O Sábio sentou-se ao meu lado e, amorosamente, inclinou-se para mim.
"Estás muito cansado, meu rapaz — disse preocupado.
É demasiado para ti, em tão pouco tempo. Estavas tão cansado que adormeceste. Dorme também o mar, vês, nenhuma ruga quebra sua calma plácida que imóvel absorve a luz sagrada em seus sonhos. Mas precisas acordar, é tarde, teu barco já está pronto e tua esposa te espera em casa, na cidade."
Ainda suspenso entre a vigília e o sonho, respondi:
"Deixa-me ficar aqui de qualquer modo, deixa-me poder voltar com minha esposa e ficarmos para sempre aqui.

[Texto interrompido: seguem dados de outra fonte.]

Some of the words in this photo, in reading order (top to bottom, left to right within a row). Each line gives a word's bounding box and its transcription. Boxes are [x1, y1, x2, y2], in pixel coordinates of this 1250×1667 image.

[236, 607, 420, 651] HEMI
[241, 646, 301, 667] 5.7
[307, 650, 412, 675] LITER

Não posso voltar para o meio das pessoas, agora. Oh, Pai, tremo só de pensar, já vejo seus sorrisos zombeteiros, os olhos cortantes, seu ceticismo, seu distanciamento. Como posso agora levar esta maravilhosa leveza de minha alma sensível àquelas pessoas obscuras? Como posso ocultá-la bem, com palavras ou risos, de modo que não a vejam e não ofusquem sua luz, com seu humilhante escárnio?"

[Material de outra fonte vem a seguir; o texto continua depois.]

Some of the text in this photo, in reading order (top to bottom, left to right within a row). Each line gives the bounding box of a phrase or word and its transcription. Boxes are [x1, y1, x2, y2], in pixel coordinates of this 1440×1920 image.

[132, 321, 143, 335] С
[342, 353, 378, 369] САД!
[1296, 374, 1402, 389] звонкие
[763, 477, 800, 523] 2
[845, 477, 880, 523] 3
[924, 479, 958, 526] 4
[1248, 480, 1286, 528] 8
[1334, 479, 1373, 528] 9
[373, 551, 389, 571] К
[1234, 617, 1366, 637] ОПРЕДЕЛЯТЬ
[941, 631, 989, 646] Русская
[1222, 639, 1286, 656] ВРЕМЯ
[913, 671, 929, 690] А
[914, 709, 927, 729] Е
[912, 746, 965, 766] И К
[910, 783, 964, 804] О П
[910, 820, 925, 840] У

Ele pôs uma mão em meu ombro e, com tom sério, disse:
"Ouve com muita atenção, meu rapaz, o que agora tenho para te dizer, e confia. Talvez isto te fira, mas devo fazê-lo. É hora de voltares verdadeiramente à vida, e de estares entre as pessoas. Aqui já disseste demais. Talvez também o que eu te disse já fosse demais. Agora deves crescer sozinho e encontrar-te em cada coisa. Se fores simples, cada coisa acharás simples, como uma criança acha uma flor. Neste momento sentes o que te disse, profundo e puro. Como estás agora, estás vivendo um dos momentos mais belos de tua vida. Mas ainda não és forte o bastante para carregá-lo, como carregarias uma roupa.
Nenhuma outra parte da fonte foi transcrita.